In Australia and the UK, information about the game cost often includes return-to-player values (for example, the average payout percentage or the percentage of money stakes saved) in order to protect players.

The UK Gambling Commission allows customers to be informed about the risks in the form of return-to-player or house-edge percentages. For example, a casino may inform the player about a payout percentage of 90%, which means that for $100 bet $90 is going to be returned. The same is for "house-edge percentage" meaning that the casino is having $10 for every $100 spent on the game. Both variants are identical, however in accordance with the so-called framing effect, there is a certain influence on players due to different ways of perception.

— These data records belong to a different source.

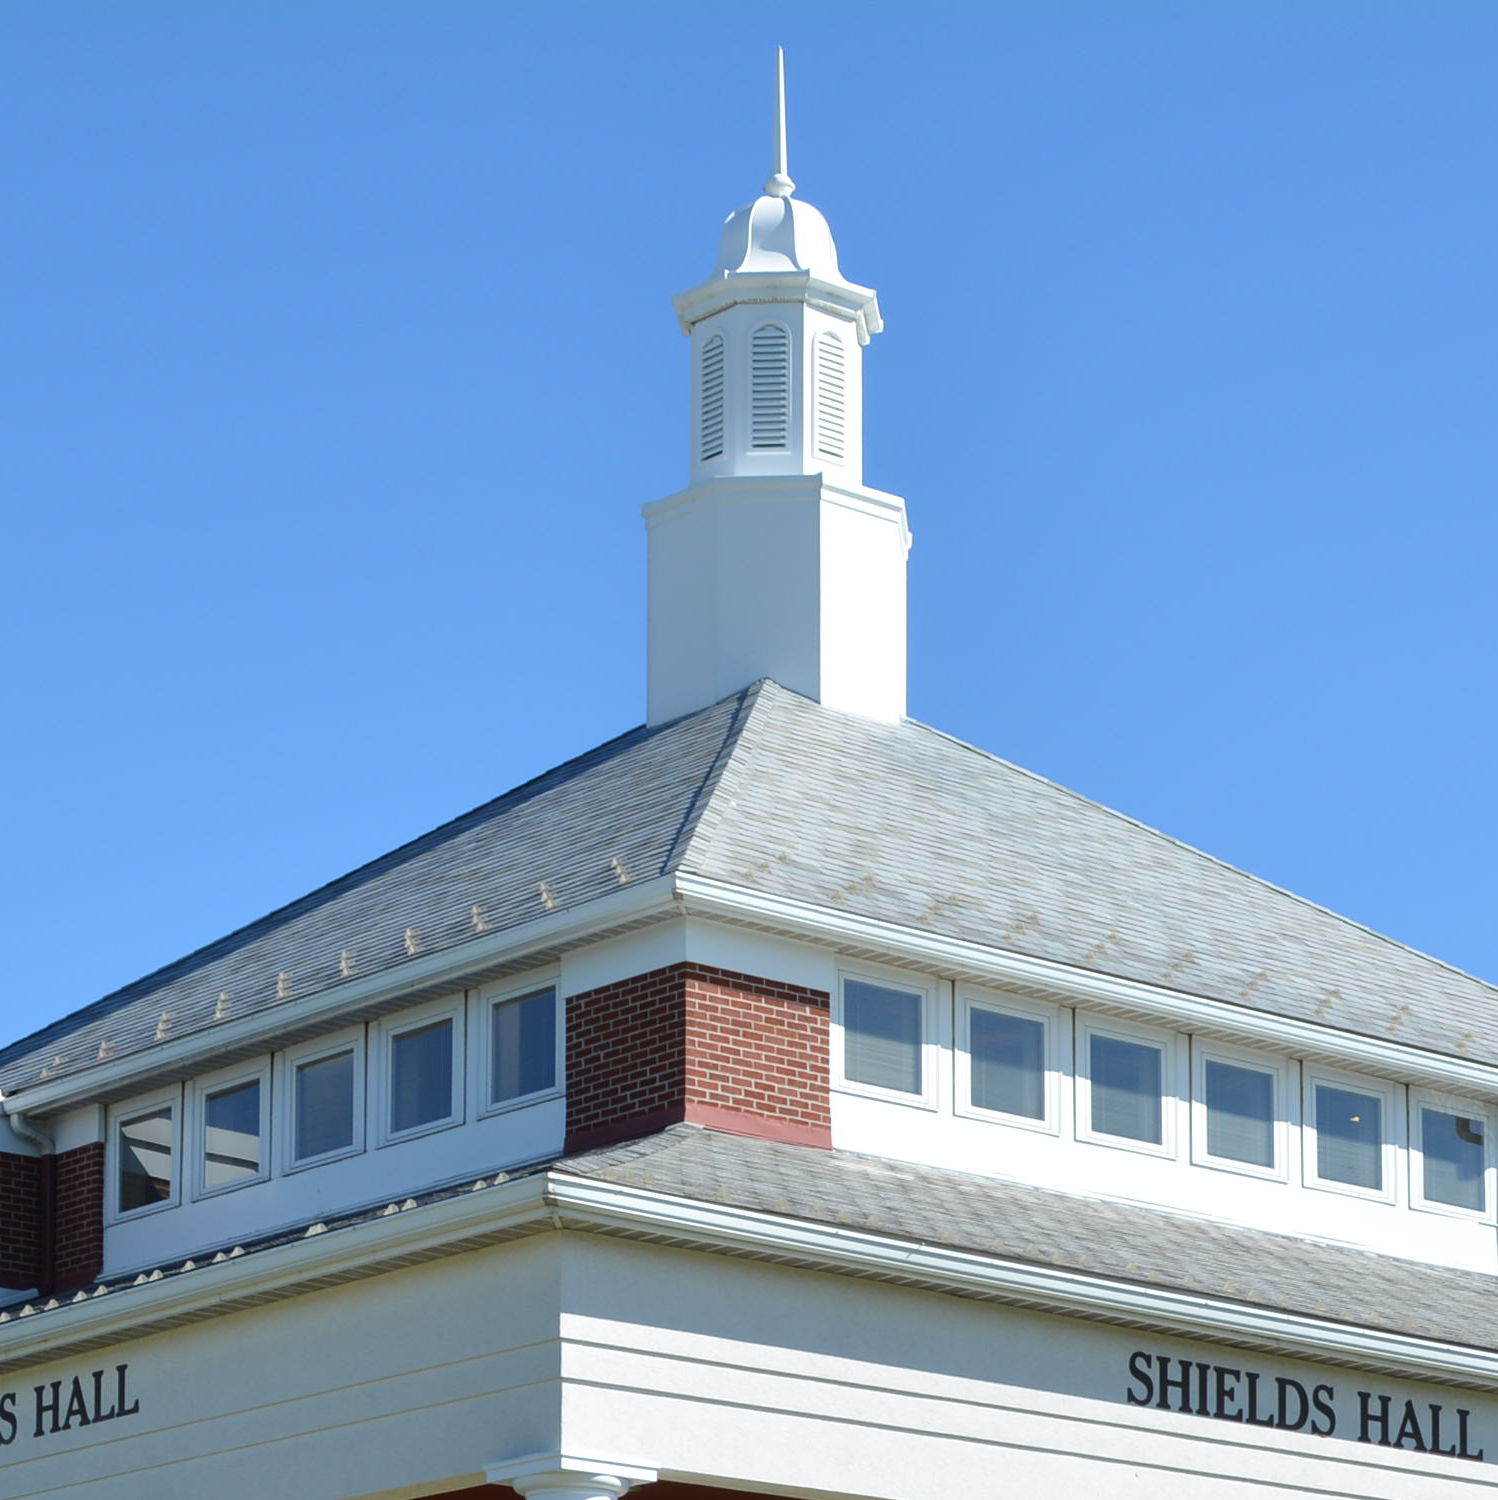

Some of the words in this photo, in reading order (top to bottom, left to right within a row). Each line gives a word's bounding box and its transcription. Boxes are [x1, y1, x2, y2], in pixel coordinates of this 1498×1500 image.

[33, 1363, 140, 1438] HALL
[1127, 1351, 1336, 1437] SHIELDS
[1357, 1390, 1484, 1462] HALL
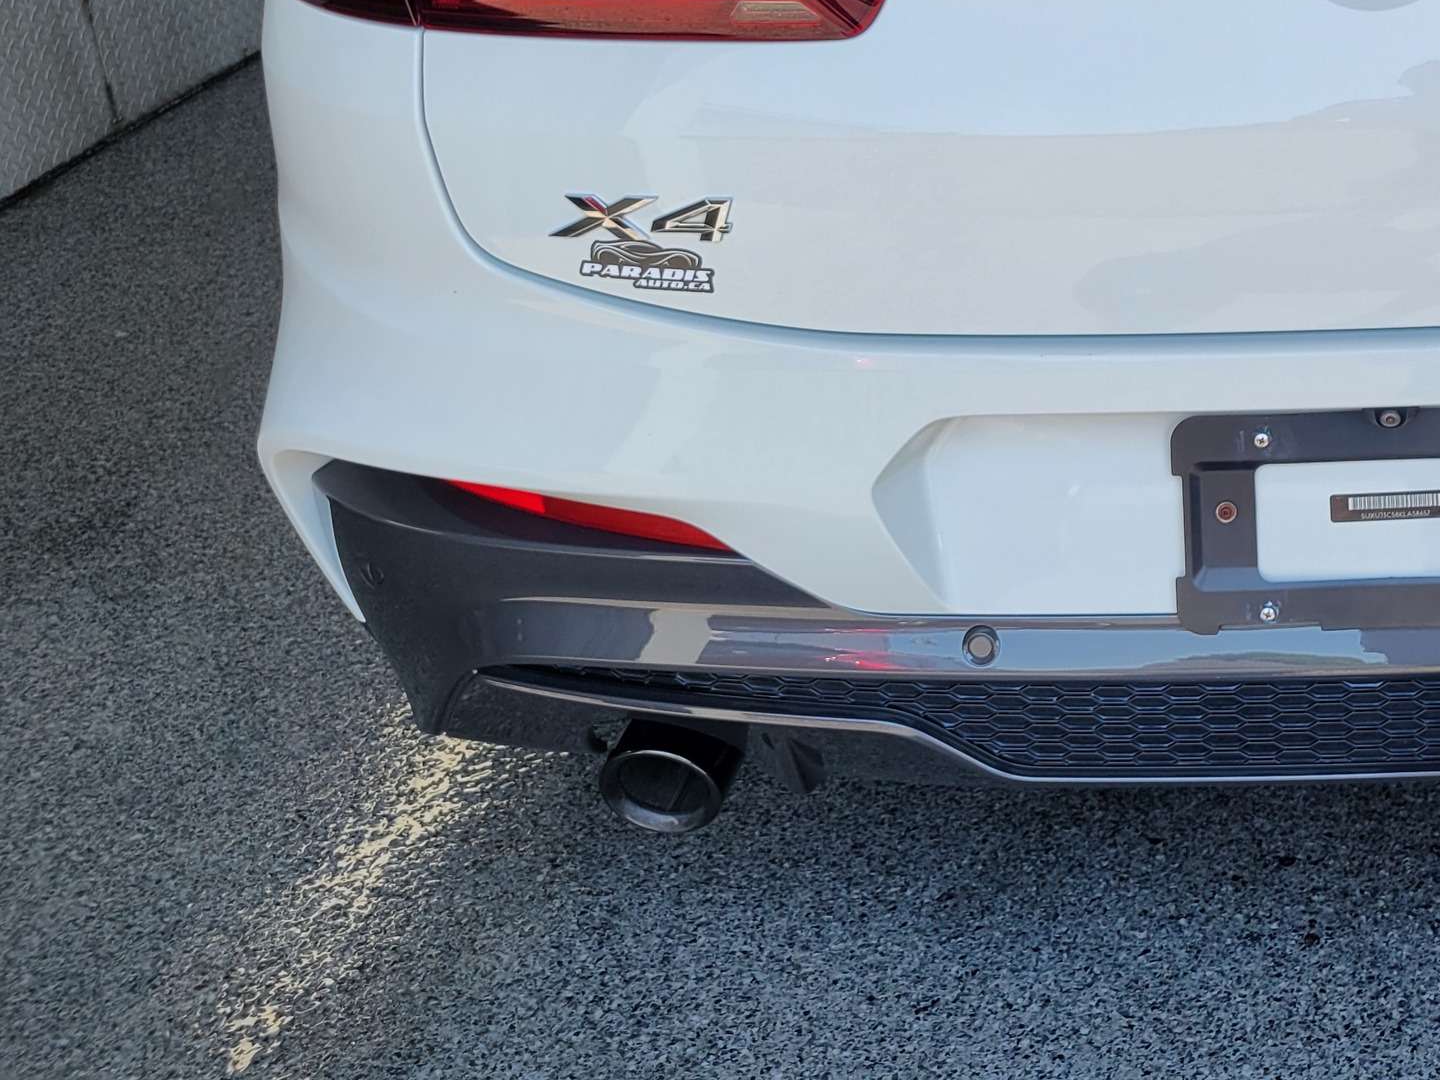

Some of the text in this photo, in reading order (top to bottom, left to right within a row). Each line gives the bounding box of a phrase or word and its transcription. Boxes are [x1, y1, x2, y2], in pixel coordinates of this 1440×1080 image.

[548, 193, 734, 244] X4
[580, 260, 715, 283] PARADIS
[633, 278, 713, 292] AUTO.CA
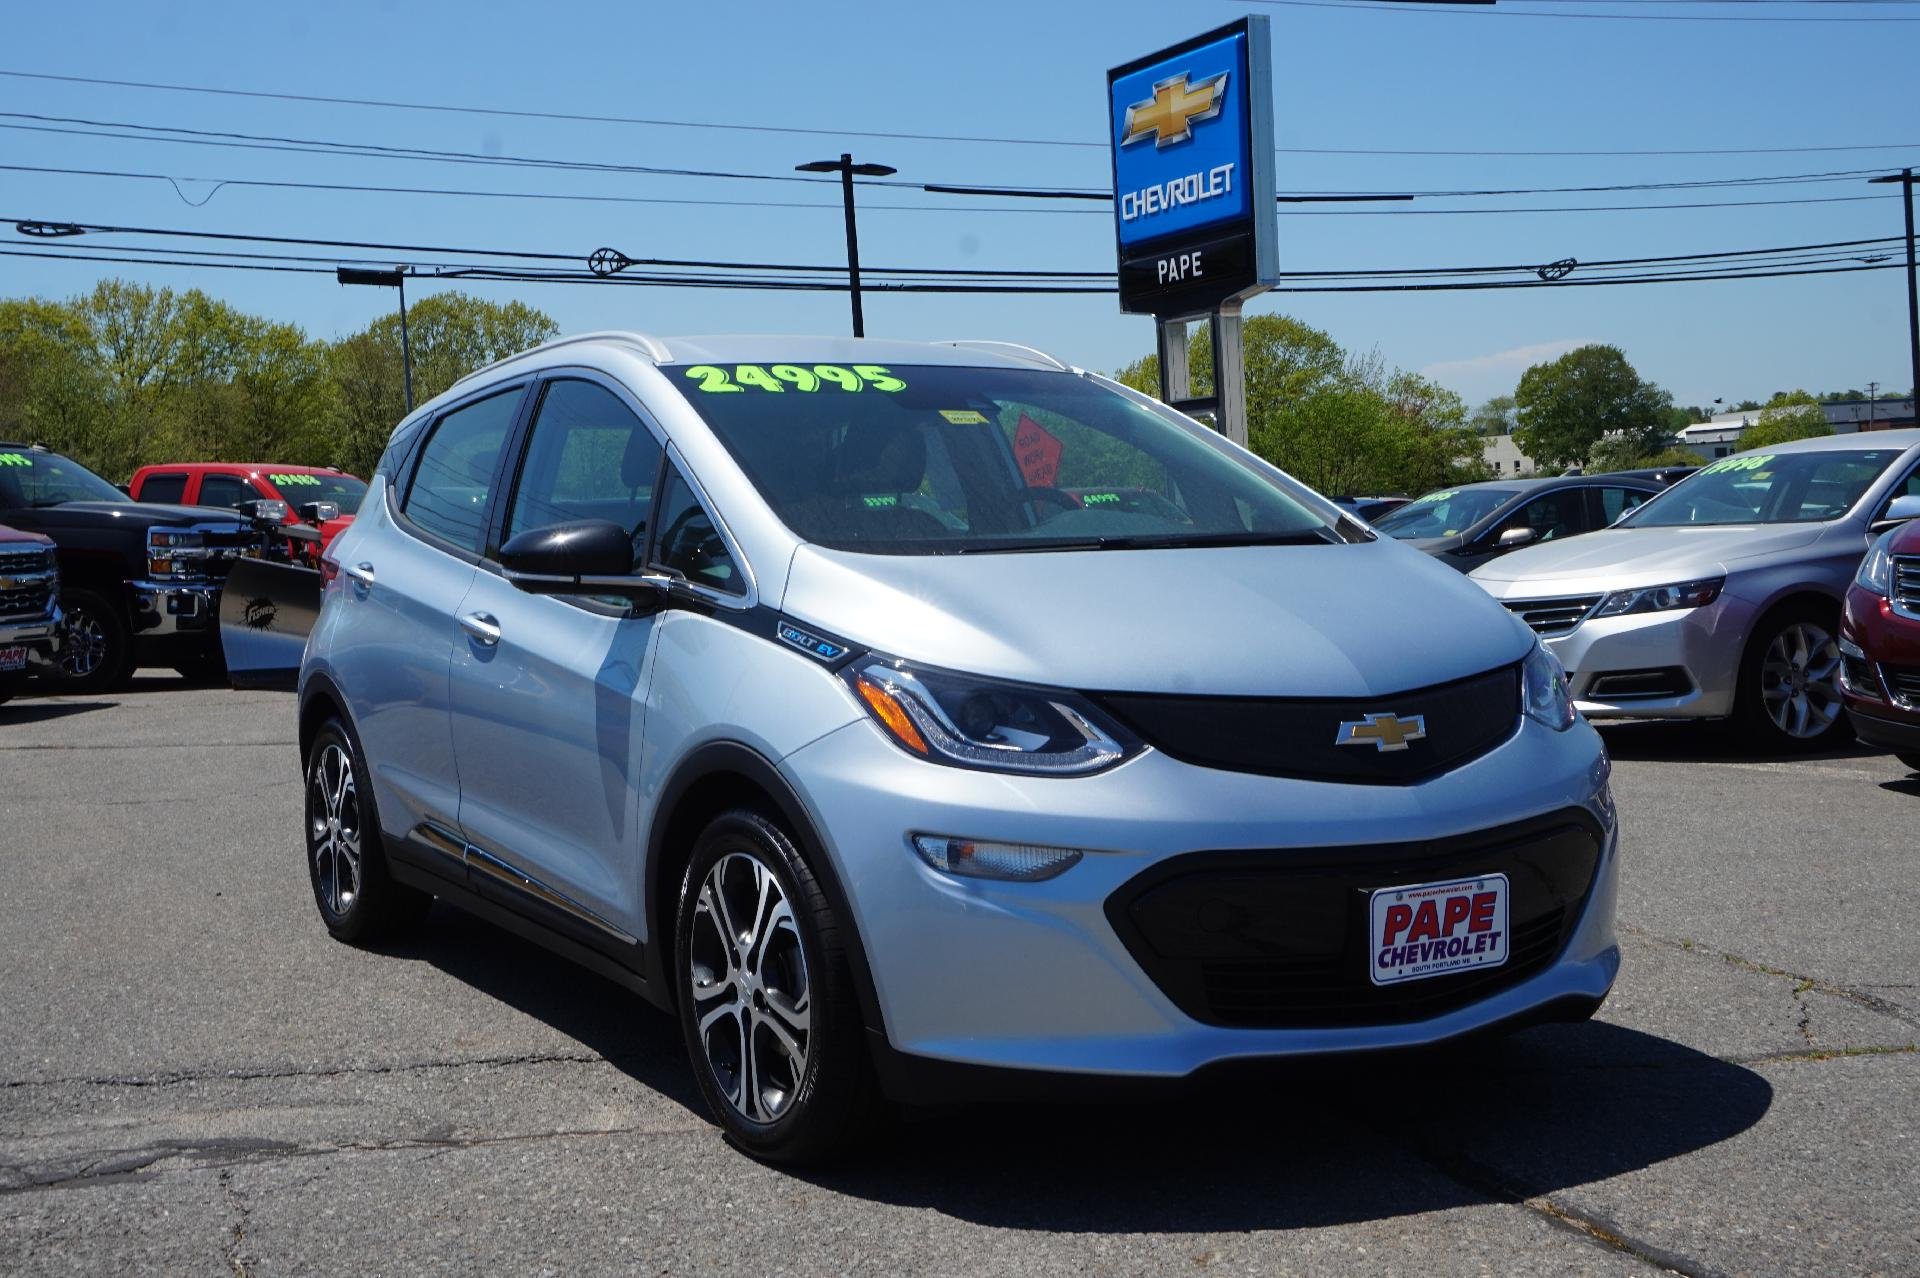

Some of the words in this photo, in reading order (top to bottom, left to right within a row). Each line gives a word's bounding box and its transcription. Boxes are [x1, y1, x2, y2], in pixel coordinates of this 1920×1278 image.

According to the results of a study made by the UK Gambling Commission in 2014, it was discovered that a number of users not specializing in the industry do not understand the mechanism of return-to-player. Thus, the complex terms, the usage of mathematical concepts and formulations, the information in English, are mentioned among factors of misunderstanding, which worsens the comprehension of the rules for non-native English speakers.

All the slot machines at Crown Perth in Australia have a 90% minimum return-to-player percentage. In 2018, The Federal Court of Australia enacted in a lawsuit against a large casino in Melbourne that information about the nature of return-to-player is misleading for players, since it indicates the percentage of winnings for a long-term game, which is not true for a short-term one.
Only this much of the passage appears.